PNB fraud could be an eye-opener. Banks and financial services companies would increasingly adopt artificial intelligence and machine learning to understand the credit worthiness of both individual and the corporate borrower.
Machine learning can do what humans usually fail to do. A perfect example of this is accurately identifying the rogue borrower working across multiple accounts; machine learning does this by deploying predictive analysis to huge amounts of data in the real time, said Rachit Chawla, CEO, Finway Capital.
“In the PNB issue, the fraud has happened due to human intervention. The chances of fraud are negligible when a machine is involved both while understanding the creditworthiness of the borrower as well as detecting mismatches in banking transactions,” he said.
Finway has developed Predictive Intelligence Technology (PIT) to assess the payback capacity of loan seekers/borrowers. The technology uses non-traditional data obtained from sources like banking transaction, mobile bill payments, utility bill payments, social media interactions etc in case of individuals and statements of multiple banks, cash-flow statements and balance sheet to understand the credit-worthiness of companies. AI-powered technologies also help understand credit worthiness of entities which are outside the purview of credit bureaus.

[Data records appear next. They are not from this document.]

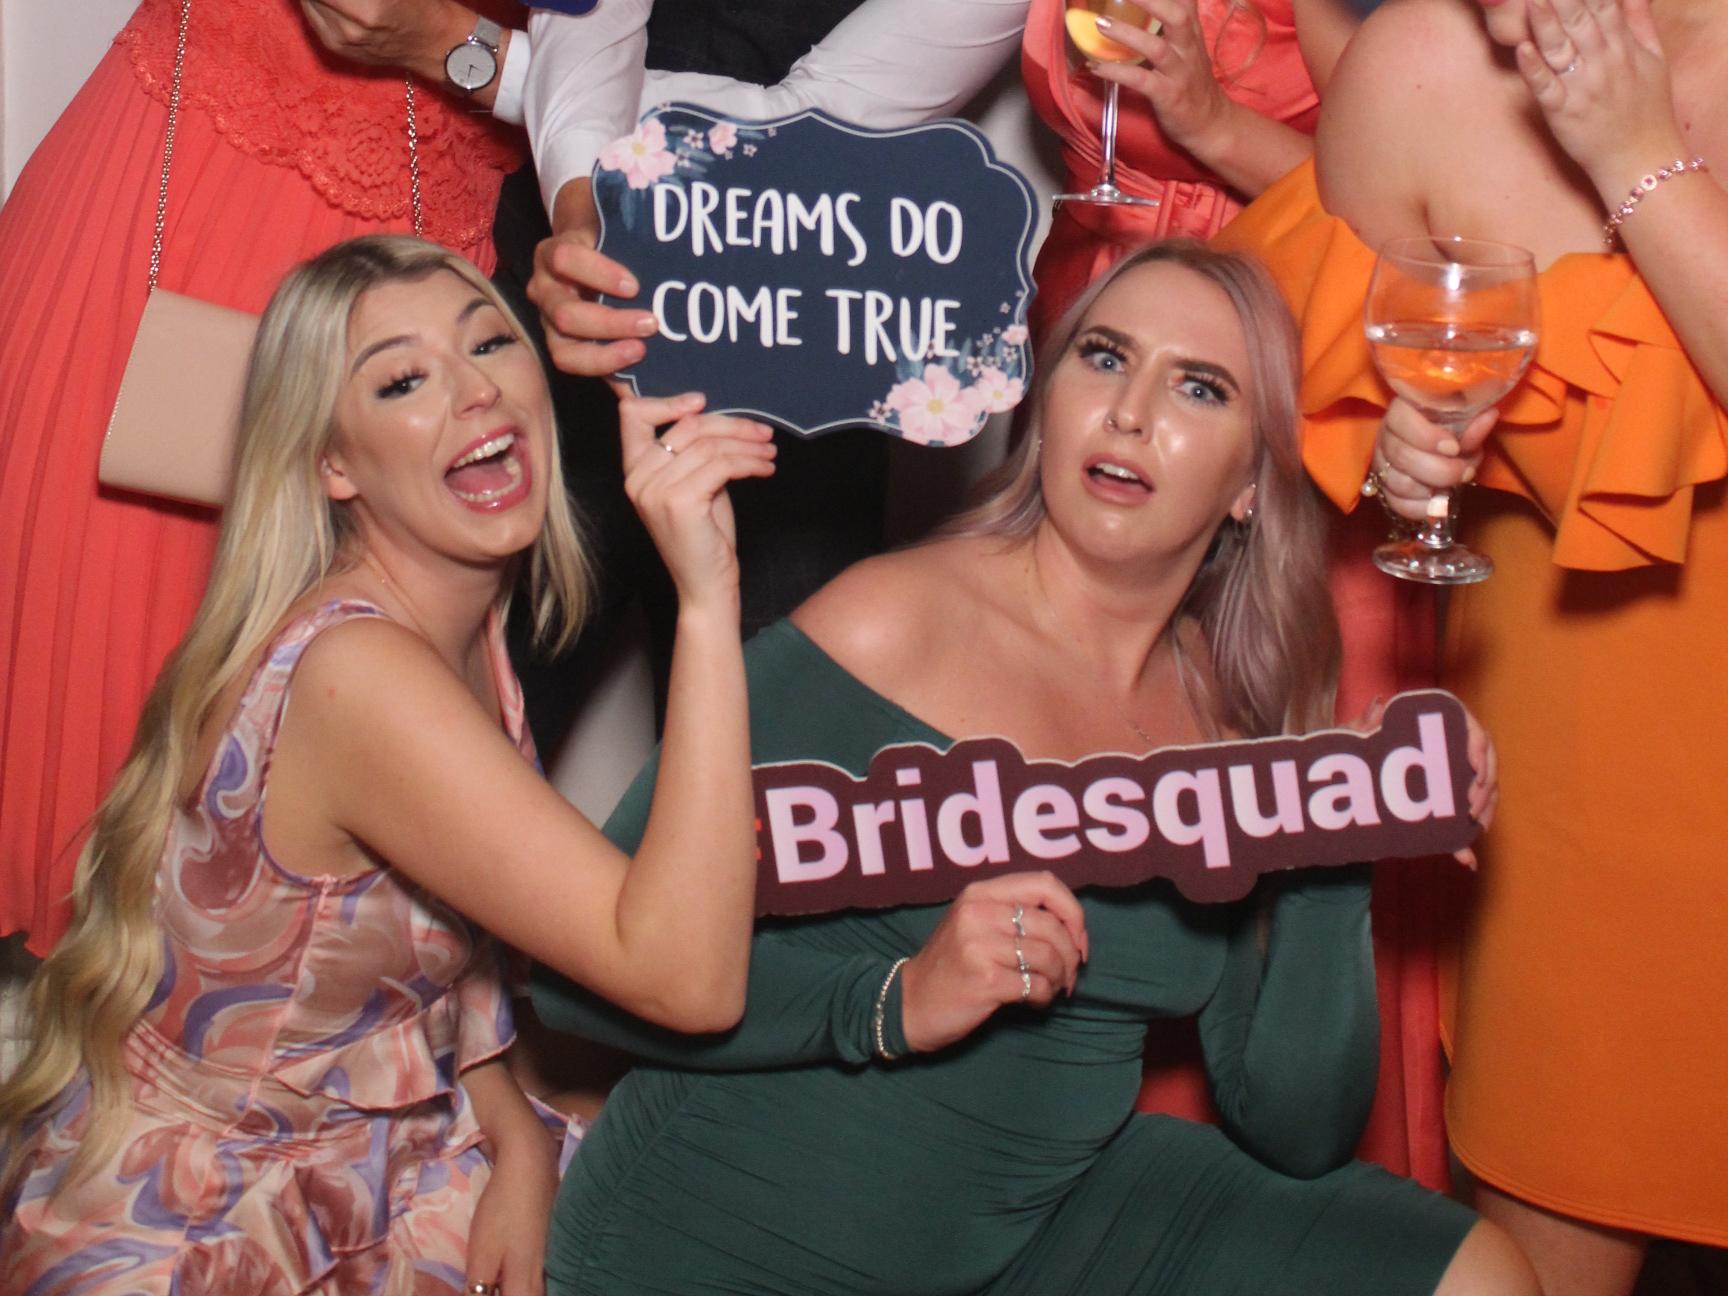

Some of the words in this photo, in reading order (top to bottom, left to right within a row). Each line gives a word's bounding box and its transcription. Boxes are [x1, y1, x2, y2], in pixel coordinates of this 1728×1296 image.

[653, 182, 867, 266] DREAMS
[890, 197, 963, 264] DO
[652, 280, 802, 347] COME
[825, 289, 961, 365] TRUE
[755, 713, 1456, 884] Bridesquad
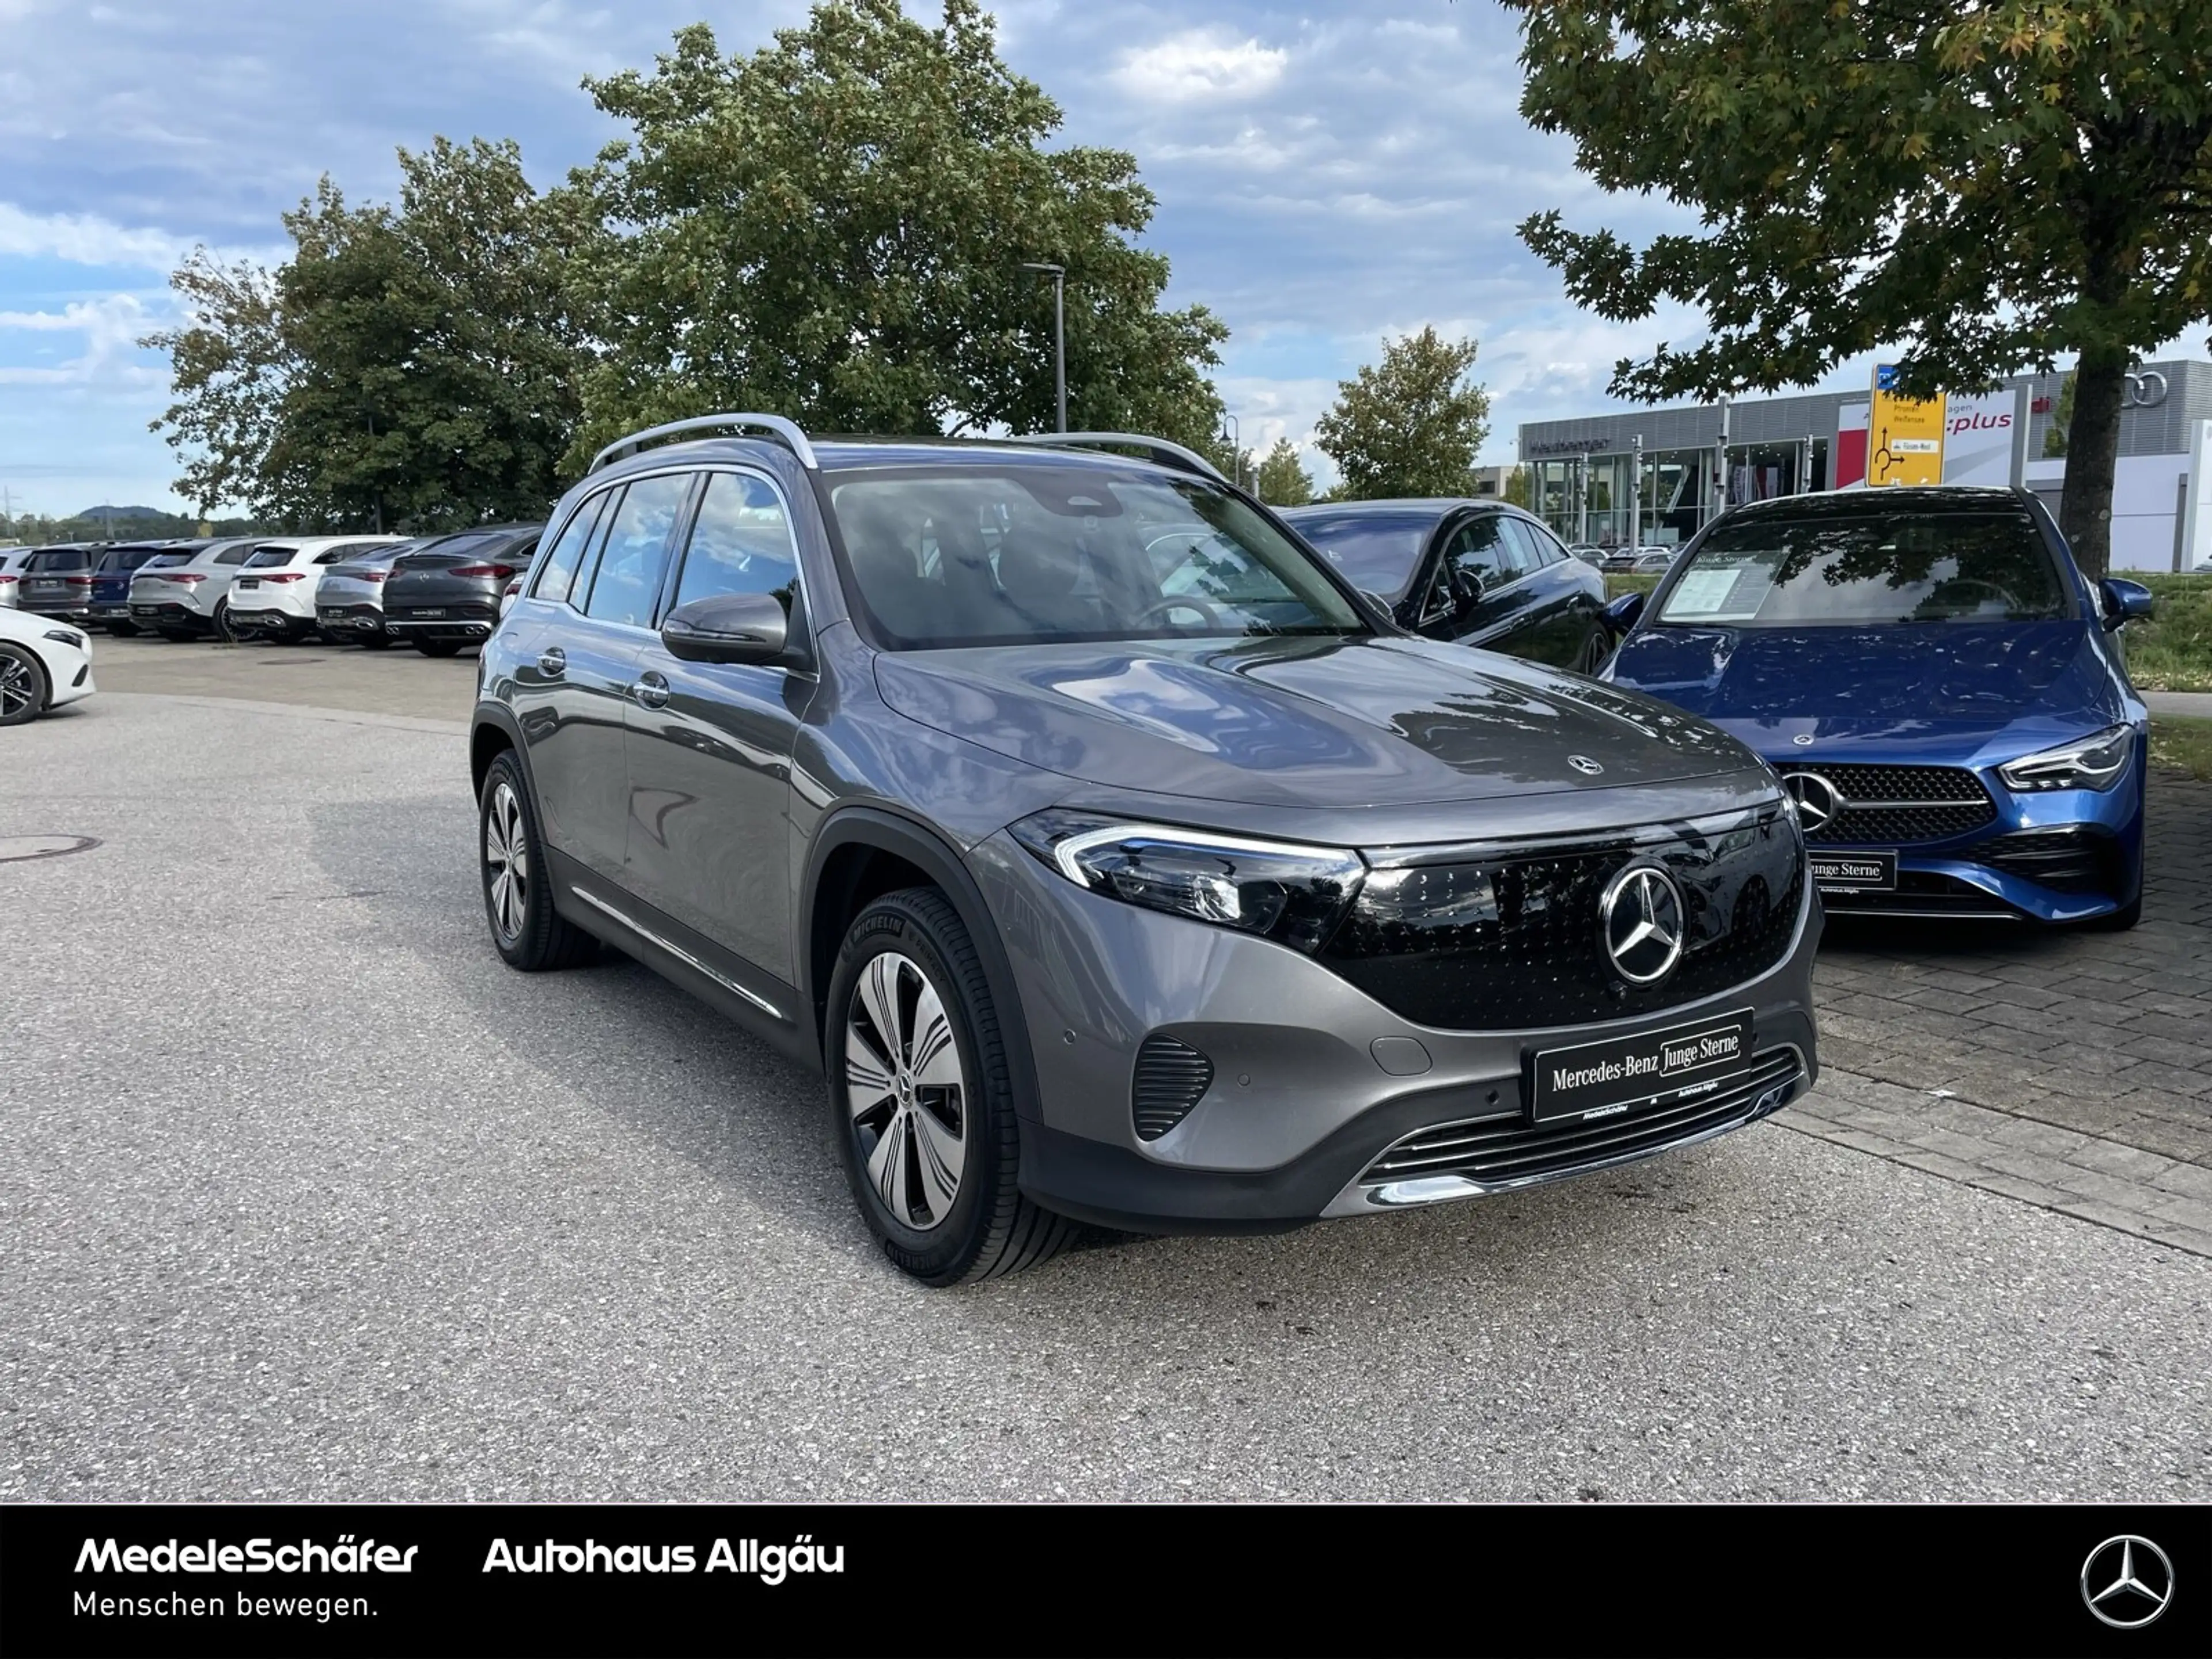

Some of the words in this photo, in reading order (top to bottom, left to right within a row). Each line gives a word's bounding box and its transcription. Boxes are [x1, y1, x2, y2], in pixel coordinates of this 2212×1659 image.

[1947, 403, 1972, 414] agen
[2031, 396, 2051, 413] di
[1811, 865, 1839, 876] unge
[1841, 863, 1880, 876] Sterne
[853, 915, 903, 943] MICHELIN
[1552, 1055, 1658, 1092] Mercedes-Benz
[1662, 1046, 1698, 1072] Junge
[1700, 1035, 1739, 1059] Sterne
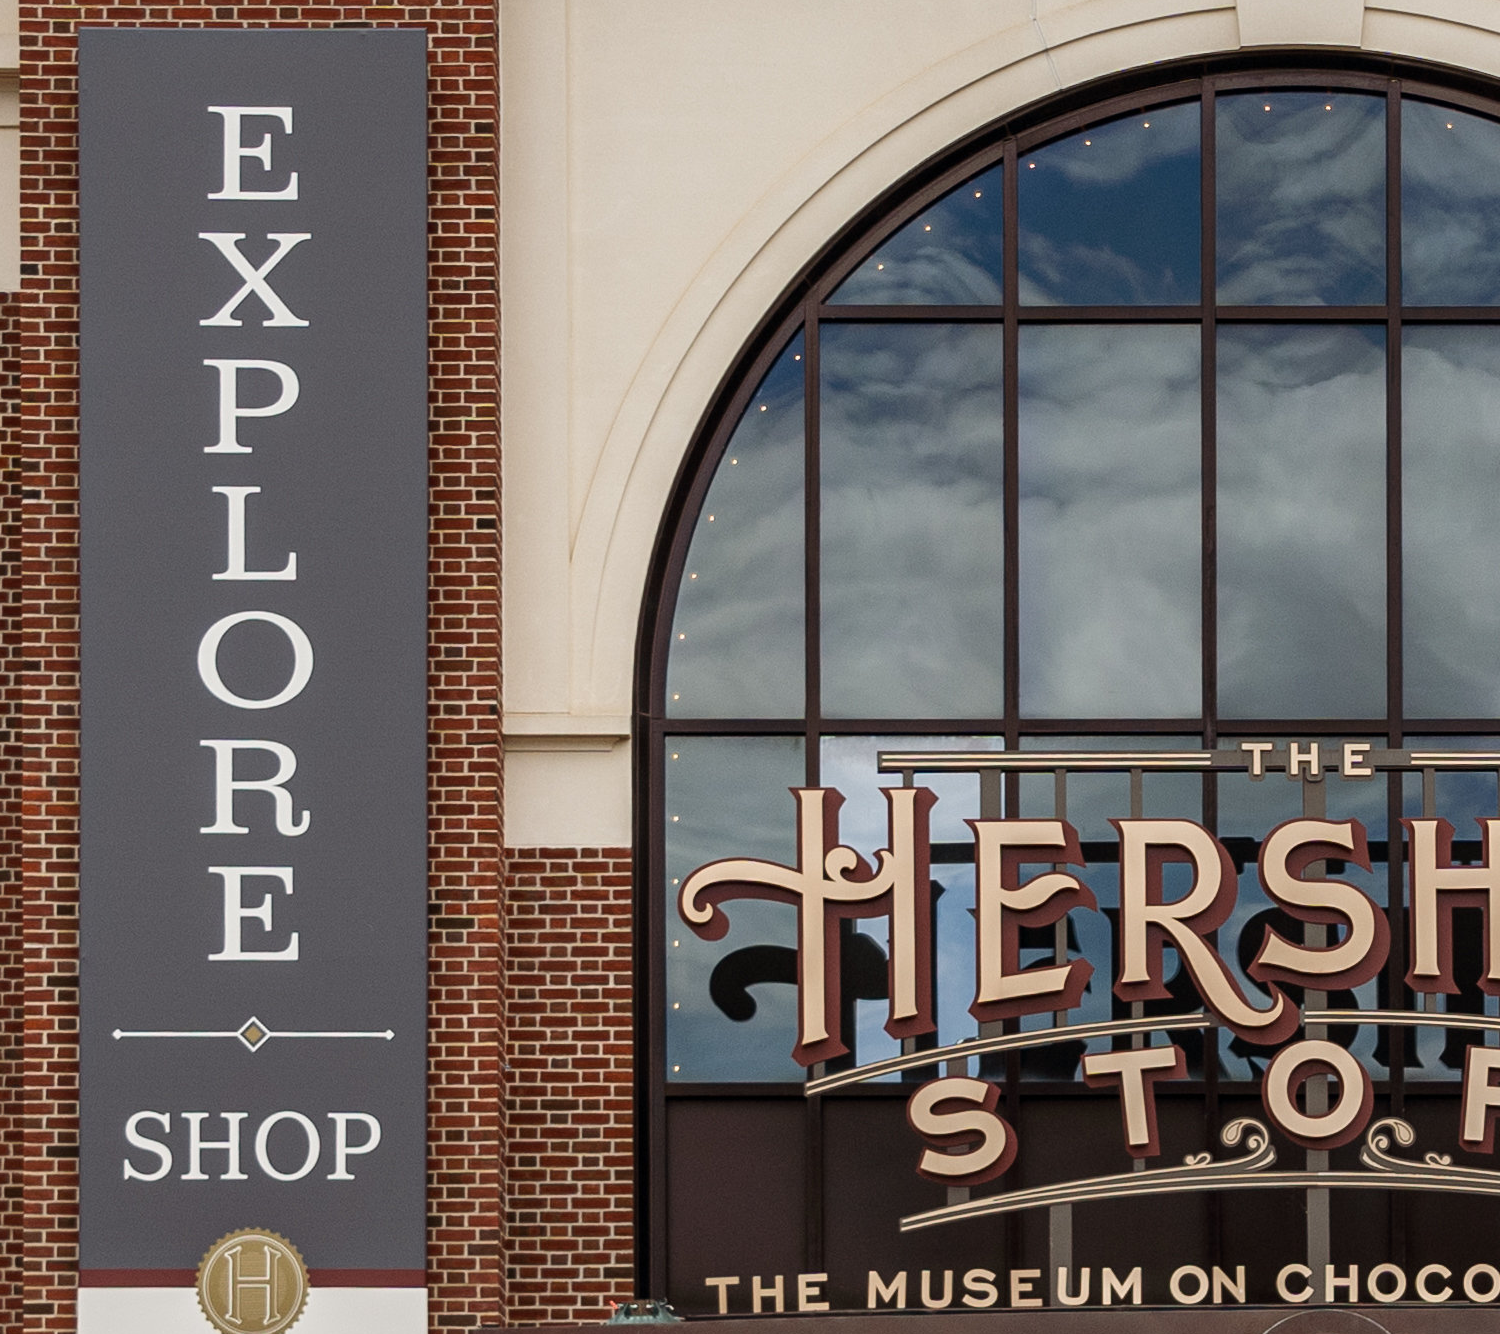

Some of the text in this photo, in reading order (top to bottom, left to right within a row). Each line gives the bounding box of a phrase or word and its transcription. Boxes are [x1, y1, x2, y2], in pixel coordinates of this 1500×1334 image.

“In the SME segment, we achieved almost 70 to 90 per cent improvement in accurately predicting late payments six or more months prior to delinquency. Thus, we could weed out the bad apples and lend to the most credit-worthy companies,” he said.
According to him, some of the top private banks and fintech companies have started adopting AI and machine learning. Banks are also partnering with fin tech companies to integrate these technologies into their current system. Finway is working with HDFC Bank, CIBIL, Kotak Mahindra bank, Experian, HighMark, Almondz, LoanMeet, Equifax among others.